Semi-structured interviews
Visitors motives and social contexts of visits
Visits to the science centre take place in different situational contexts and are based on different motivations. A part of the visits are motivated by parents’ (or grandparents’) intentions to let their children have some informal science education. In these cases the visit competes with possible science-related alternatives, such as –in that region– a science centre devoted to the climate and climate change or a botanical garden. Enabling “informal science education” is also the motive why the centre is chosen as destination of excursions of many school classes. (Due to the timing of the survey, visits by school classes are not analyzed.) Some visitors had specifically come to the city from quite a distance to visit the centre. One interviewee came to the science centre following a recommendation by his professor to see a specific part of the exhibit related to his study in geology.
In many cases, the motivation is more general and less science-related though. “Having a good day” or “doing something together with children” was another motive. Several interviewees mentioned that the visit to the centre was a joint side activity of people being guests of friends or relatives living in or close to the city, suggested by their hosts. In these cases it is an important feature of the centre that it offers something for children and adults, for people with more and those with less interest in science. Possible alternatives in these situations, mentioned by the interviewees, are amusement parks, cinema, swimming, walking, climbing or other cultural locations such as museums. For example, a museum of emigrants leaving for the United States from the town of the case study was mentioned as a possible alternative. The choice of the centre compared to such alternatives seems partly dependent on the weather. Although the science centre has an outdoor space for activities for children, it is perceived as a particularly good option when the weather is bad.
Mostly, interviewees said that they had learned about the centre through recommendation by friends or the Internet. In some cases, visitors mentioned that they have come to the science centre following a recommendation by their children, who had been here during an excursion with their school class.
The visit
A typical visit lasted 3-5 hours. Most visitors had walked through all three parts of the whole exhibition (plus the special exhibition) although several interviewees mentioned that the centre was “too much” for one visit, so they had to come back. Some said that while walking through the whole exhibition they had selectively paid attention and spent time at those parts that they found most interesting, skipping other exhibits. Almost all interviewees liked their visit and were excited about it. Some felt overwhelmed by the sheer amount of information they were exposed to. When comparing it with other science centres they had visited, most rated the one of this case study better. Asked which parts they liked most, different visitors mentioned different exhibits or aspects. There were a few highlights though which were mentioned several times such as the “dark room” or the earthquake simulation. The special exhibition was particularly often mentioned when praising the visit. The diversity of exhibits was seen as a very positive feature.
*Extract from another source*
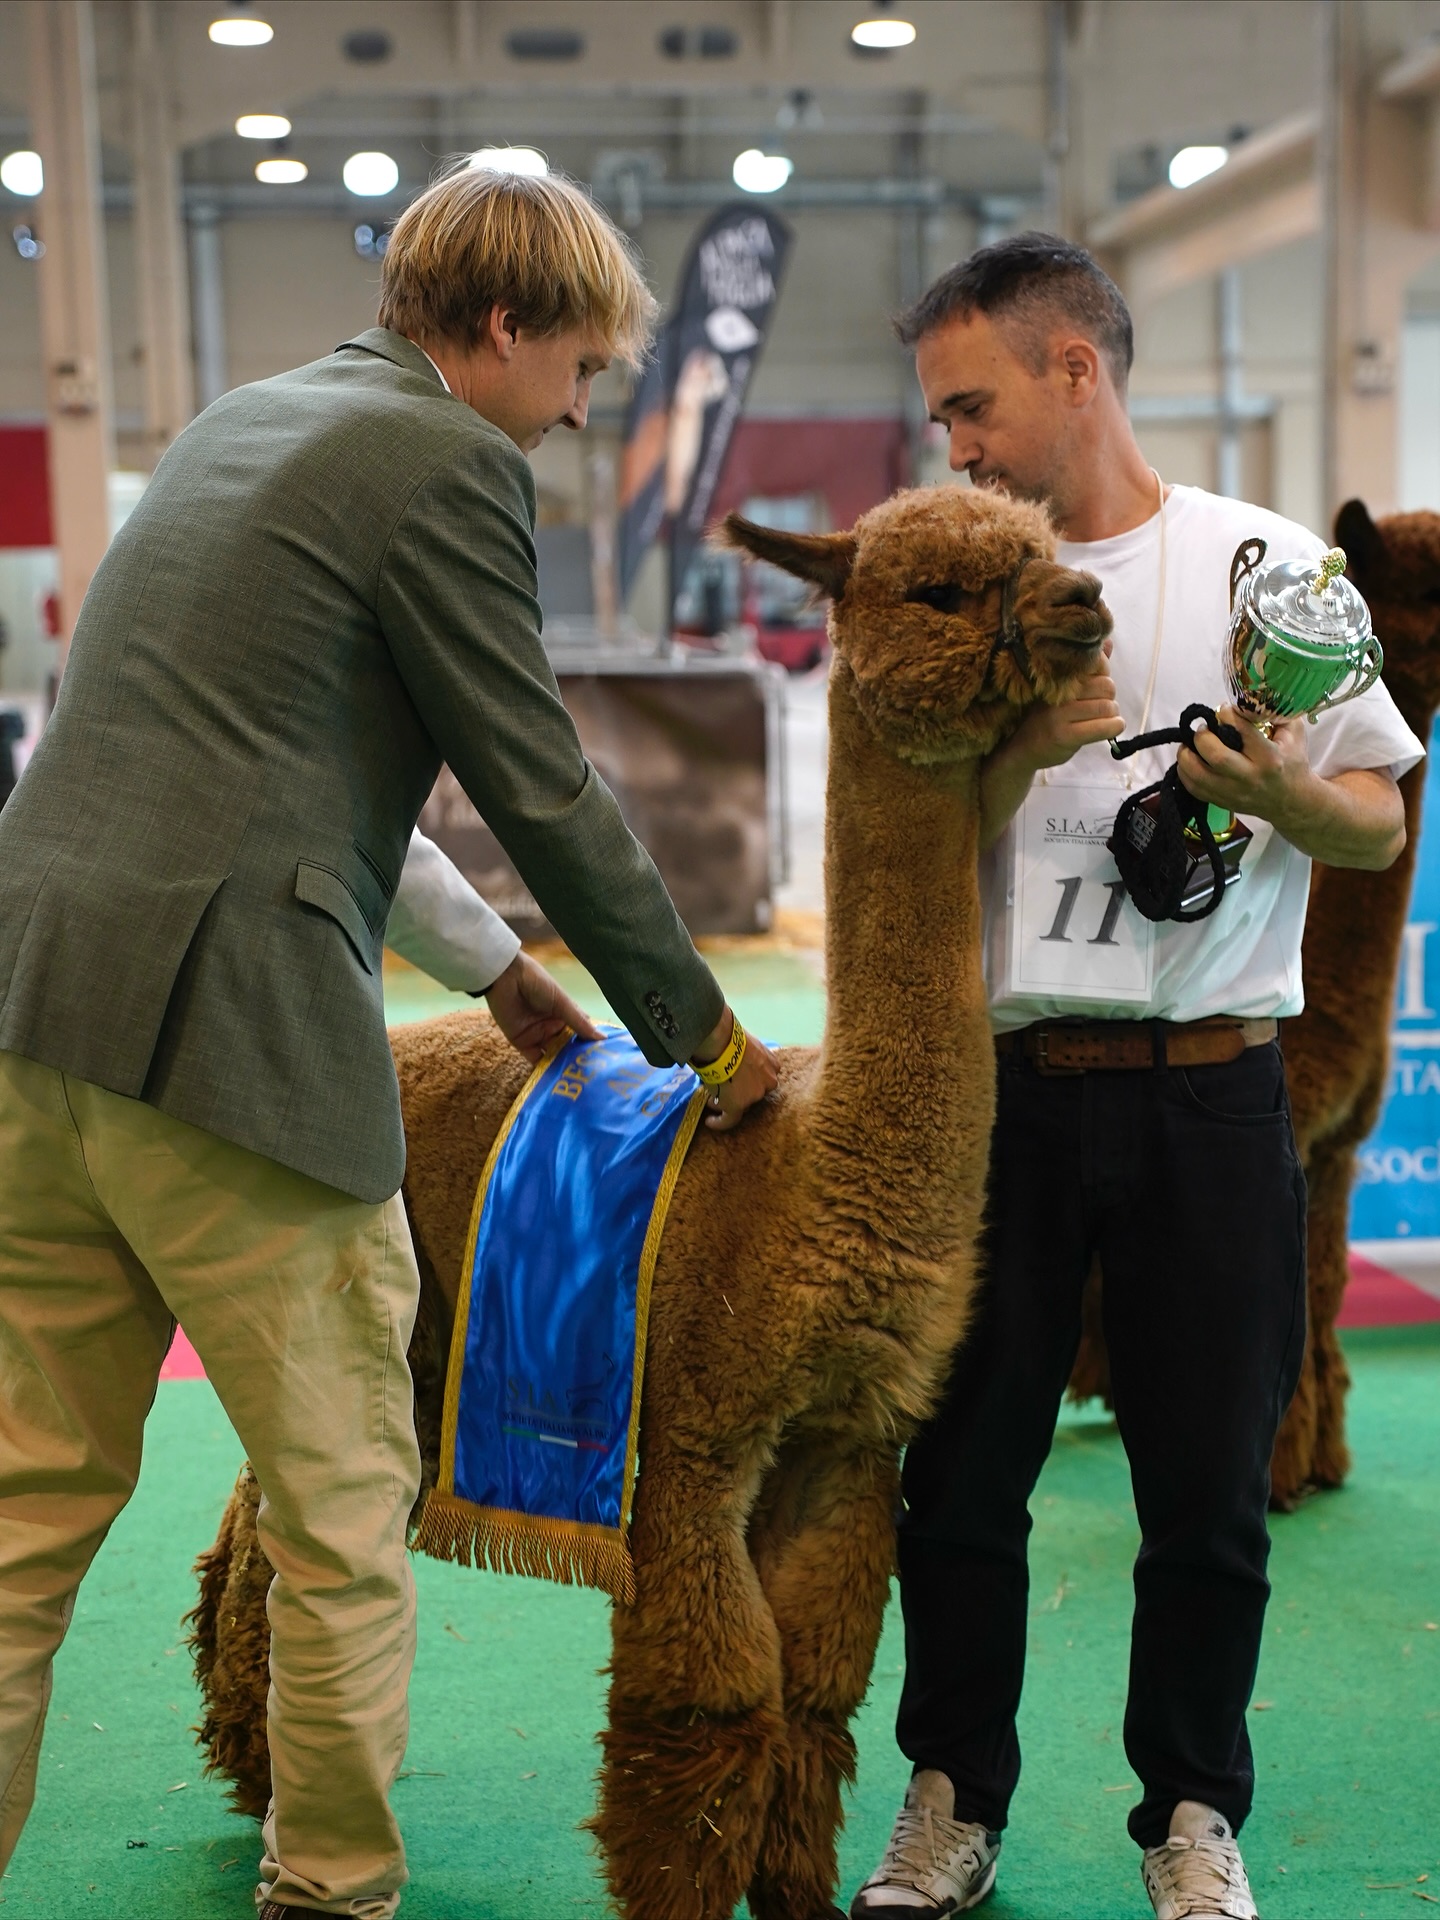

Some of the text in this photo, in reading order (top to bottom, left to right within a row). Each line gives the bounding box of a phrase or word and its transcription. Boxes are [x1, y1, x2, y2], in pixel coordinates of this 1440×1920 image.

[1046, 817, 1093, 835] S.I.A.
[1039, 876, 1125, 947] 11
[552, 1044, 619, 1101] BEST
There were few critical remarks. Some mentioned that they no opportunity to do things they would have liked to do because of too many other visitors. Some adults felt disturbed by small children whom they considered too young for the centre. Some commented critically on the noise level and the general darkness/missing daylight in the exhibition. An interesting critical remark was made by a young woman emphasizing the cognitively “demanding” character of science. She said that portraying science as a playful endeavour in the science centre would actually deceive the visitors about its true character as hard work. One visitor made a critical remark –comparing this centre with another science centre– that the exhibits only describe phenomena but do not explain them.
Perceived regional impact of the science centre
Most interviewees didn’t have a clear opinion and had difficulties in elaborating their thoughts on that topic. The science centre is mainly seen as another tourist attraction for the city. The image of the city is perceived as being branded by its history. However, a few of the remarks about the regional impact mentioned a strengthening of its image as a town related to technology and science.
Visitors’ perception of science
The implicit concepts of science held by the interviewees can be distinguished into two main versions:
1. Science as a problem-solver, safeguard of the modern lifestyle and source of technological progress
2. Science as a producer of knowledge of an educational and enlightening nature
Interviewees seeing science through the utilitarian lens of benefit, point to its function as problem-solver (e.g. energy conservation, new energy sources) and provider of technologies supporting a modern life-style (e.g. cars, motors, mobile phones). Those holding a concept of science being of importance to education and enlightenment, emphasize that science is “interesting” and “exciting”.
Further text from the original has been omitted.